Giving what “Fox & Friends” this morning actually called “a great uplifting speech” at Liberty University on Saturday, Trump declared, “No one has ever achieved anything significant without a chorus of critics standing on the sidelines explaining why it can’t be done. Nothing is easier — or more pathetic — than being a critic, because they’re people that can’t get the job done.”

So, what do folks who spend much of their professional lives offering tough, thoughtful criticism have to say about that?

Chicago Tribune film critic Michael Phillips: “If Trump defines a critic as anyone who’s second-guessing what the hell he’s up to on any given day, then we’re living in criticism nation. And it’s a sign that we haven’t gone completely numb to the outrages.”

Harvey Young, dramatist and a theater and African-American studies expert, Northwestern University: “The president is clearly conflating naysayer and critic. Critics, by and large, analyze and evaluate on the basis of fact, deep research and an enviable depth of historical and practical knowledge.”

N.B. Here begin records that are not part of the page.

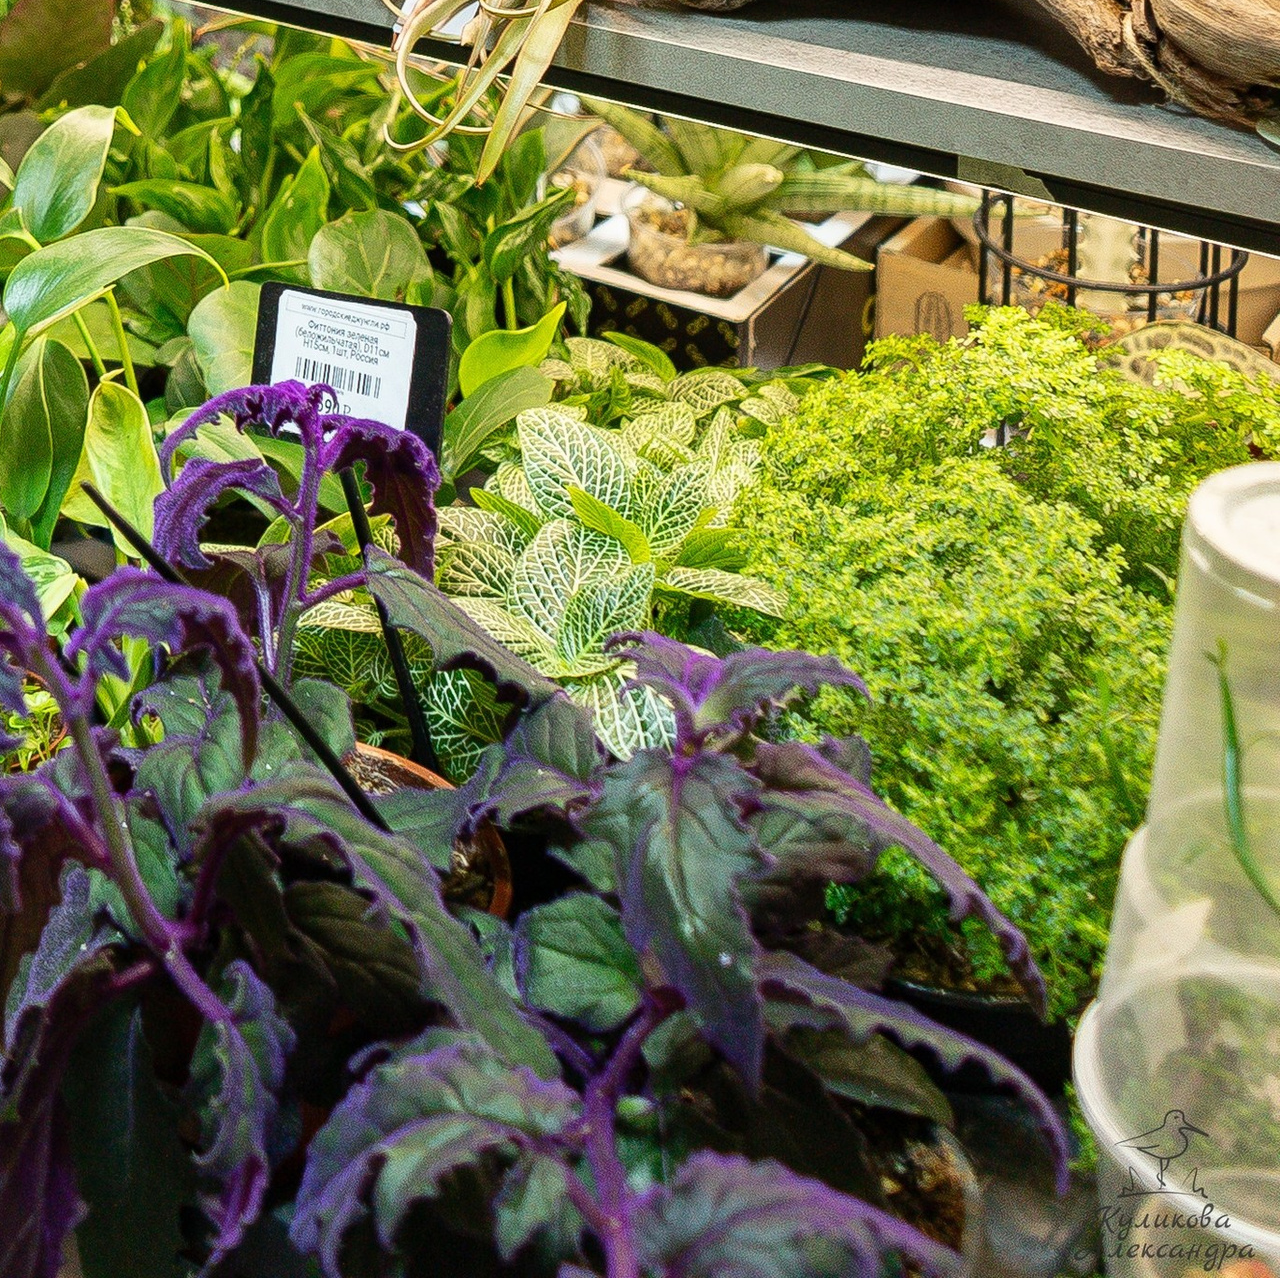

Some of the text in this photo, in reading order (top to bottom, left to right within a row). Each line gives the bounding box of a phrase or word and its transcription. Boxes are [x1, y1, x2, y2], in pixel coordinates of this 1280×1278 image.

[308, 319, 379, 345] Фиттония зеленая
[350, 349, 379, 365] Россия
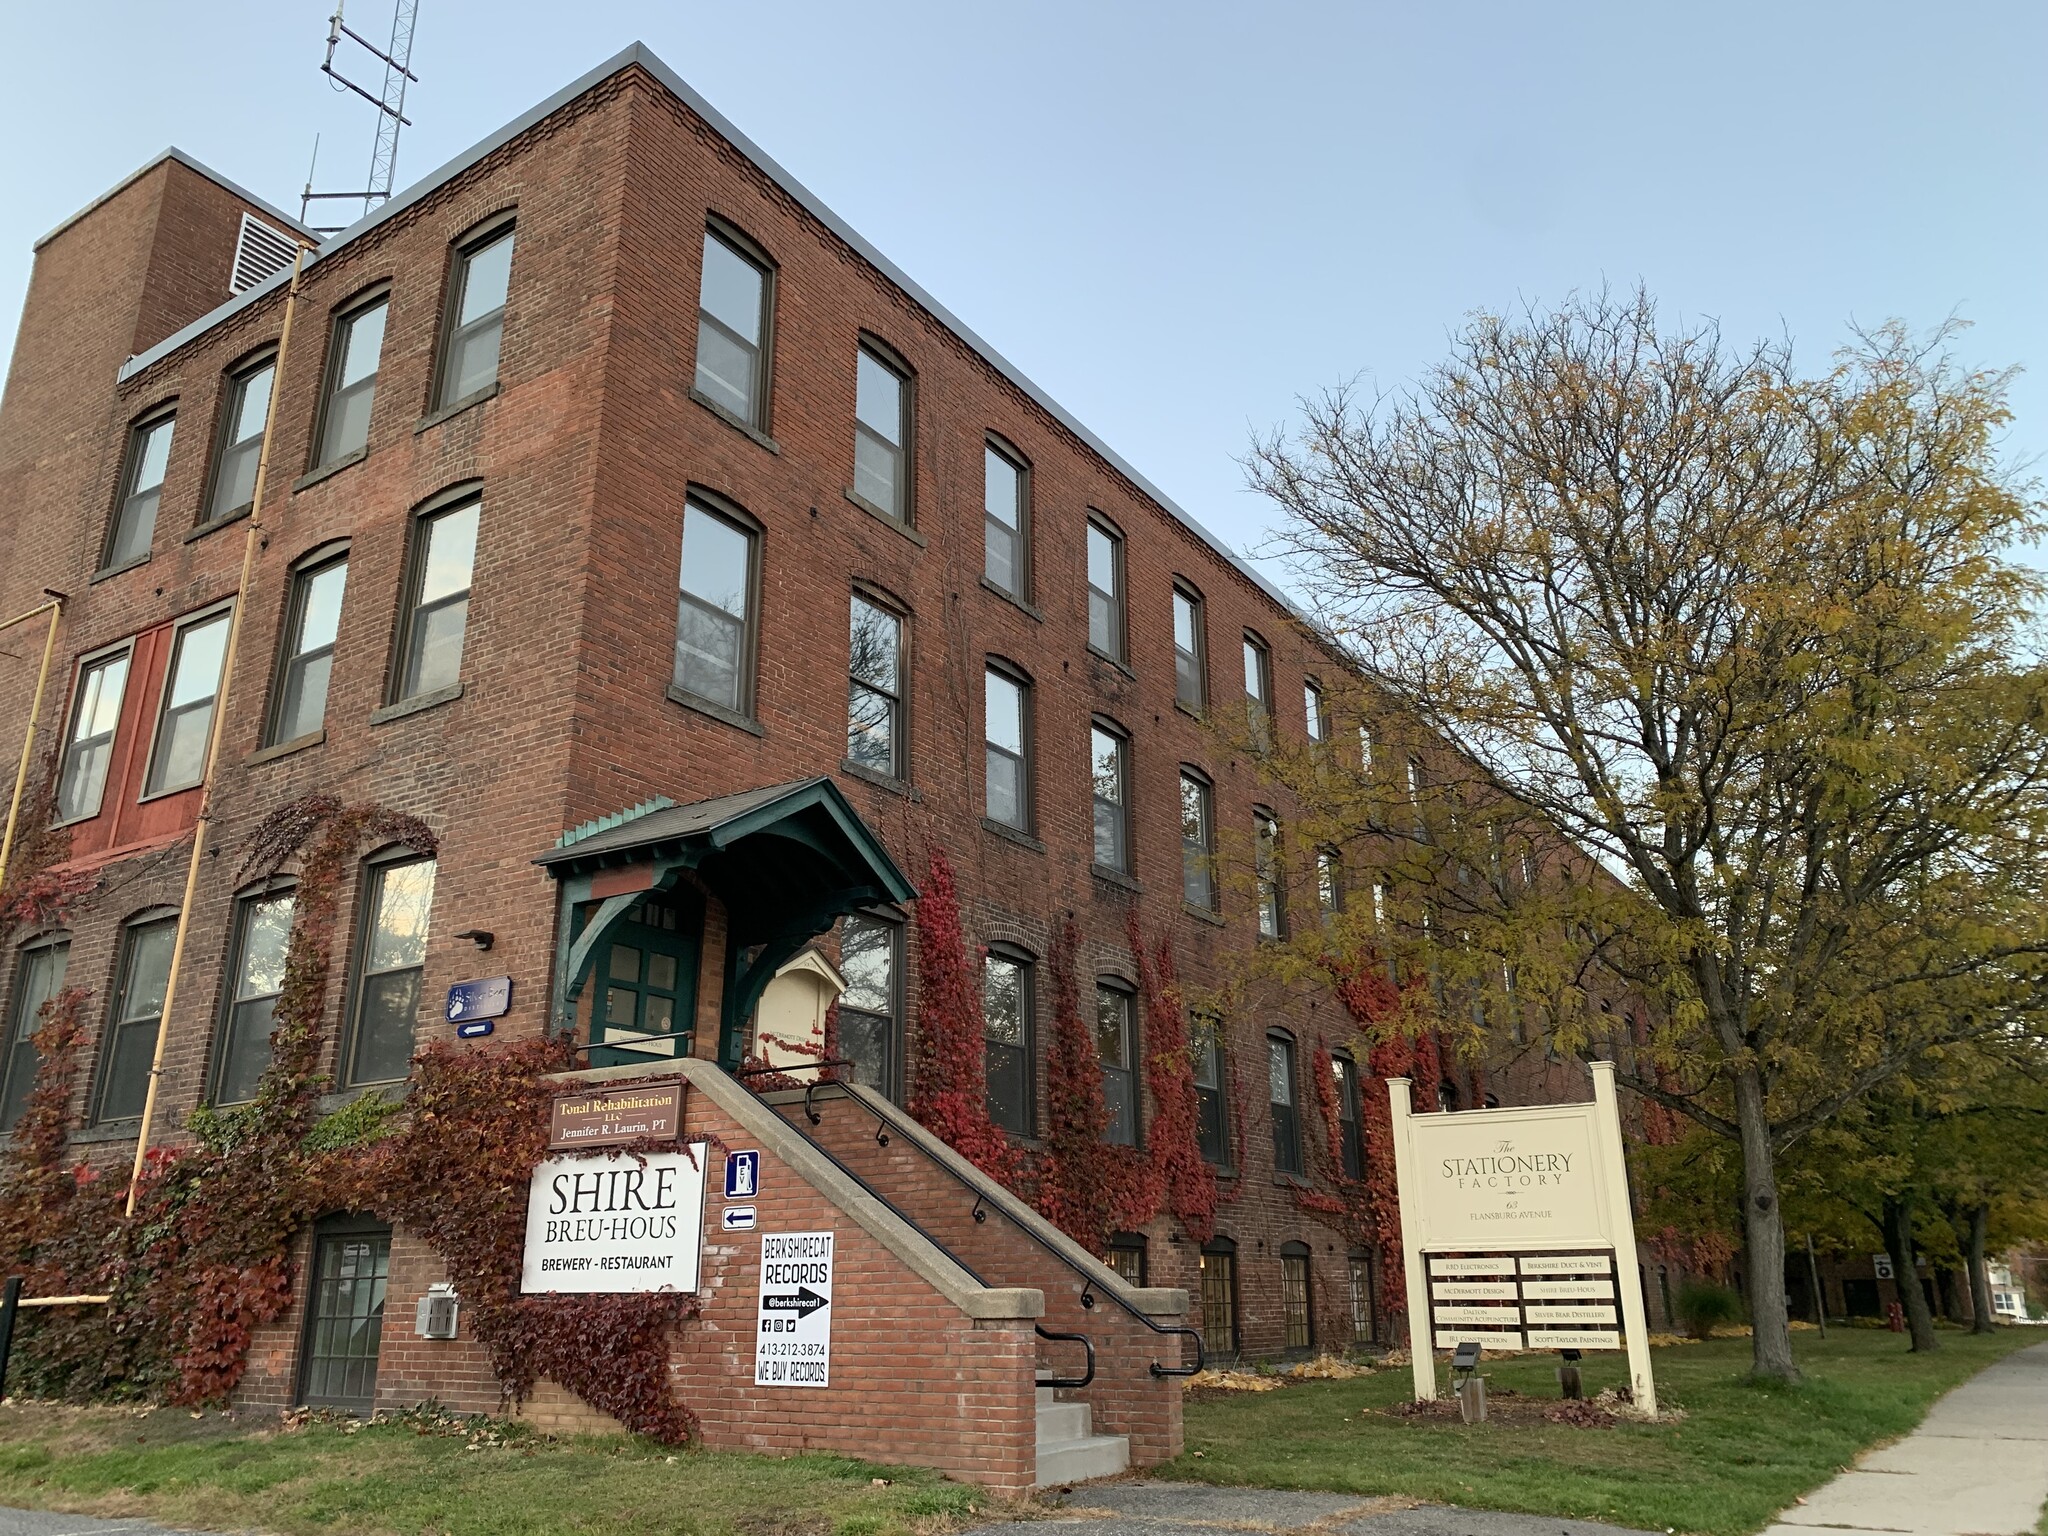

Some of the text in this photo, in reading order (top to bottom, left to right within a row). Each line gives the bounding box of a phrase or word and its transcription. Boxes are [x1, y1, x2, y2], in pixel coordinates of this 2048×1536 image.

[560, 1094, 672, 1115] Tonal Rehabilitation
[604, 1112, 623, 1122] LLC
[560, 1119, 667, 1140] Jennifer R. Laurin, PT
[1493, 1140, 1515, 1154] The
[1442, 1152, 1573, 1178] STATIONERY
[1458, 1173, 1562, 1189] FACTORY
[549, 1167, 677, 1215] SHIRE
[1506, 1200, 1518, 1210] 63
[1470, 1210, 1552, 1221] FLANSBURG AVENUE
[544, 1215, 677, 1243] BREU-HOUS
[764, 1236, 831, 1259] BERKSHIRECAT
[541, 1257, 592, 1271] BREWERY
[600, 1255, 673, 1270] RESTAURANT
[765, 1263, 828, 1284] RECORDS
[768, 1297, 820, 1308] @berkshirecat1
[1579, 1336, 1613, 1344] PAINTINGS
[760, 1343, 825, 1356] 413-212-3874
[758, 1361, 769, 1381] WE
[772, 1361, 787, 1381] BUY

“They help us to appreciate the larger context. They often are among the first to advise on how something can be done and to applaud path-blazing innovation. It is true that critics will call out moments of error, failure, ineptitude — akin to telling the emperor that he has no clothes — but that’s being truthful, not oppositional.”

Elizabeth Taylor, co-editor of The National Book Review and former president of the National Book Critics Circle: “With all the stuff coming at us every day, where would we be without critics? Without critics, we have only the loudest voices in the room.”

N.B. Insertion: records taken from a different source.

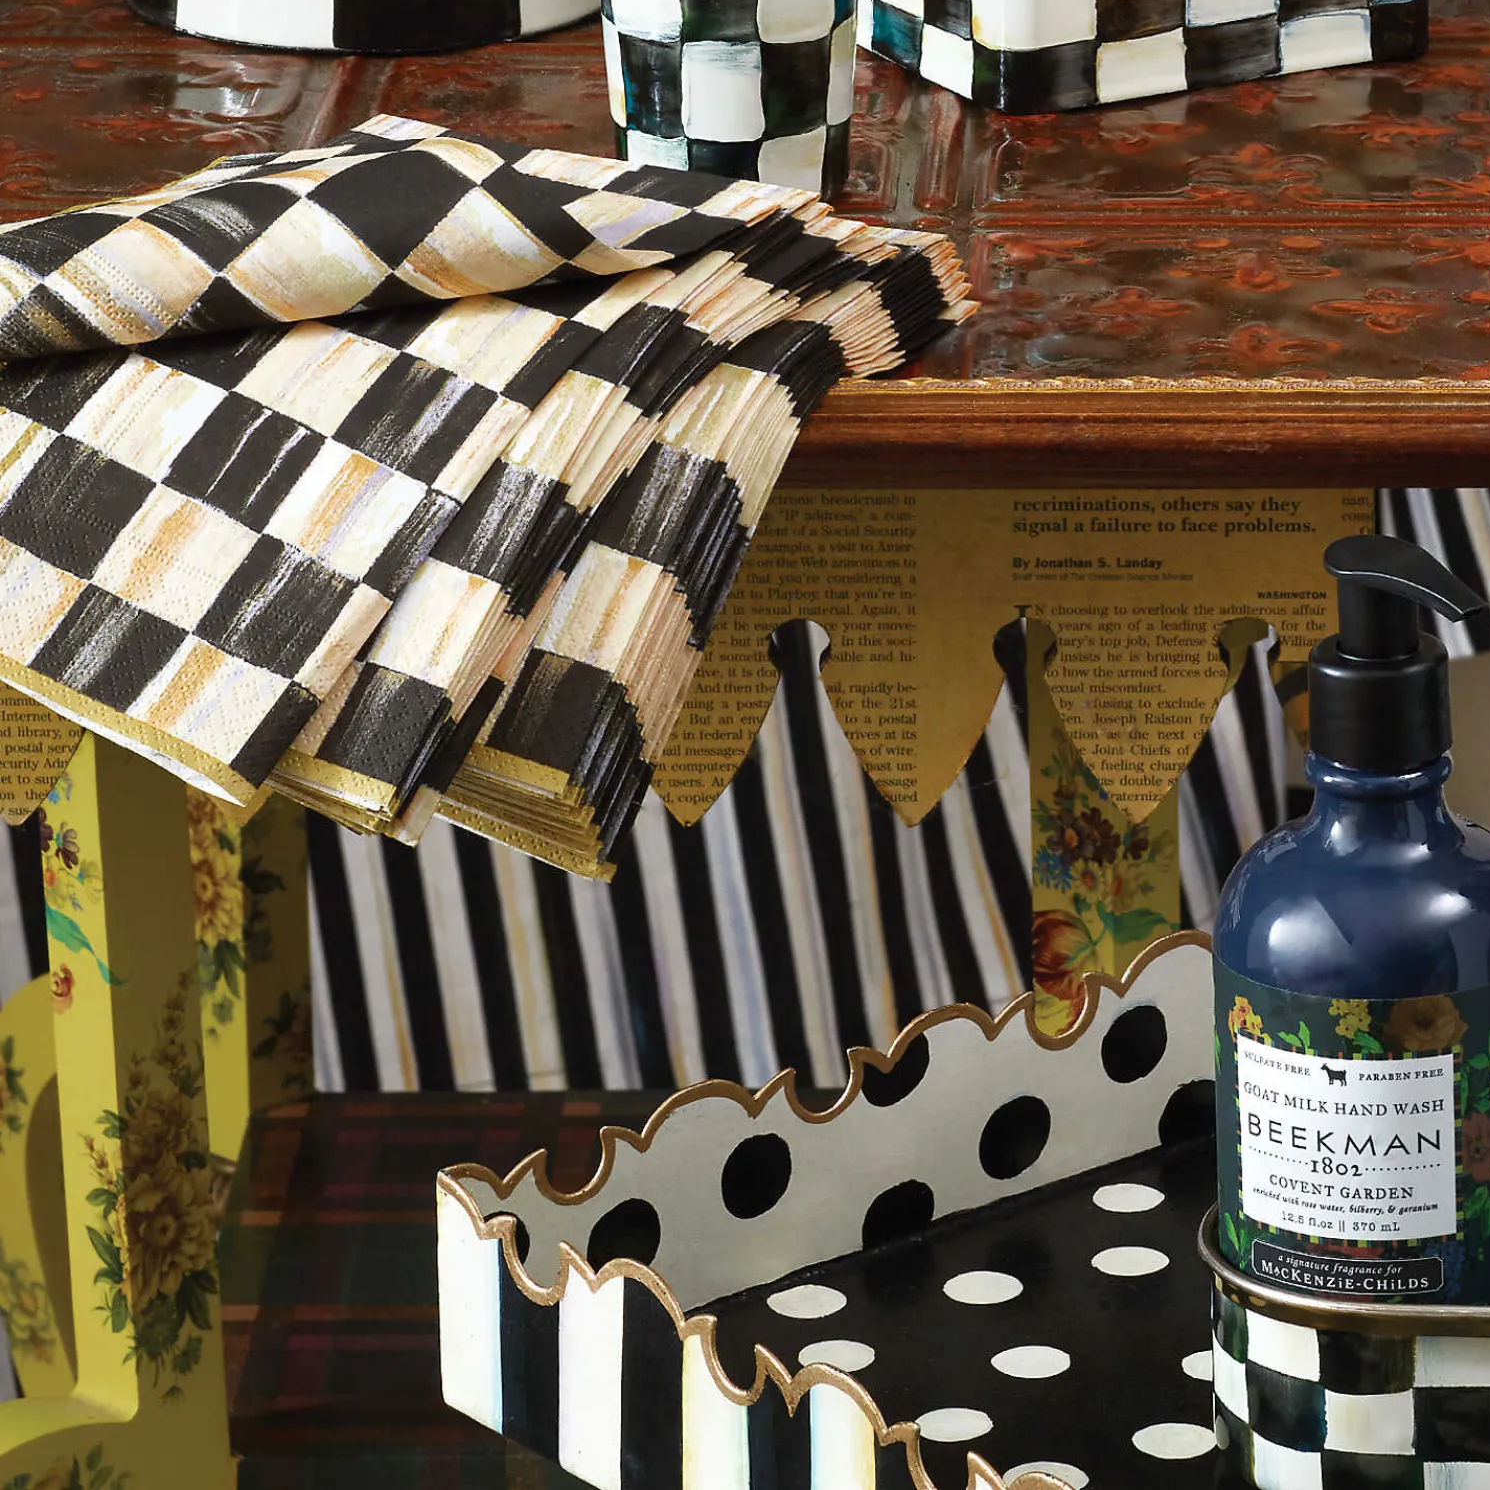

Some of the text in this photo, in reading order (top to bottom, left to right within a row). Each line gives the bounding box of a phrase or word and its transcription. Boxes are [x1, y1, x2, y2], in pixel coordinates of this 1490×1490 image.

[1013, 496, 1302, 516] recriminations, others say they
[1012, 517, 1316, 537] signal a failure to face problems.
[1012, 557, 1162, 571] By Jonathan S. Landay
[826, 572, 901, 586] considering
[1257, 591, 1327, 600] WASHINGTON
[1051, 604, 1326, 618] choosing to overlook the adulterous affair
[843, 622, 872, 632] your
[1057, 619, 1207, 633] years ago of leading
[1100, 635, 1207, 648] top job, Defense
[1146, 651, 1200, 665] bringing
[1063, 666, 1200, 678] how the armed forces
[695, 682, 750, 693] And then
[849, 681, 893, 695] rapidly
[1089, 682, 1166, 693] misconduct.
[890, 698, 917, 709] 21st
[1157, 697, 1205, 709] exclude
[689, 713, 711, 724] But
[878, 713, 917, 726] postal
[1092, 713, 1192, 726] Joseph Ralston
[18, 725, 62, 739] library,
[699, 729, 742, 740] federal
[1129, 728, 1184, 740] the next
[5, 741, 43, 755] postal
[1091, 743, 1191, 756] Joint Chiefs of
[1101, 759, 1144, 773] fueling
[668, 777, 705, 788] users.
[1119, 774, 1163, 786] double
[1285, 1064, 1310, 1076] FREE
[1358, 1069, 1444, 1081] PARABEN FREE
[1243, 1082, 1444, 1117] GOAT MILK HAND WASH
[1248, 1113, 1441, 1156] BEEKMAN
[1310, 1158, 1362, 1177] 1802
[1270, 1174, 1414, 1199] COVENT GARDEN
[1282, 1194, 1299, 1206] with
[1301, 1200, 1317, 1209] rose
[1320, 1202, 1345, 1213] water,
[1349, 1203, 1384, 1216] bilberry,
[1388, 1205, 1396, 1214] &
[1399, 1202, 1438, 1215] geranium
[1308, 1217, 1333, 1229] fl.oz
[1353, 1220, 1377, 1232] 370
[1380, 1220, 1400, 1232] mL
[1286, 1255, 1329, 1274] signature
[1332, 1264, 1385, 1276] fragrance
[1387, 1265, 1402, 1276] for

“In a world where everyone seems to be a critic — in the rise of the citizen reviewer with undisclosed biases — we need discerning critics who can make convincing cases to readers and lead a conversation about quality.”

Robert Abrams, board member of the Dance Critics Association and critic for ExploreDance.com: “Mr. Trump is confusing criticism with negativity. This is a common misconception, unfortunately. Well-crafted criticism helps readers understand the work in question with a greater depth than the reader might have seen before.”

Andras Szanto, former director of the now-defunct National Arts Journalism Program at Columbia’s University’s Graduate School of Journalism: “In the world of art, artists and institutions welcome criticism because it validates what they do and connects them to a broader public. By saying what he said, Trump underscores two overarching features of his presidency: He does not seek validation from anyone but himself, and ultimately he doesn’t care much about what the public thinks. He is not interested in being part of a two-way discourse.”

Mary McNamara, television critic of the Los Angeles Times: “Well, the obvious first response is that this is pretty rich coming from a man who has spent years criticizing many, many people including and especially President Obama, mostly through the facile and pot-shotty platform of Twitter. Perhaps that is what he means by ‘nothing is easier than being a critic.’”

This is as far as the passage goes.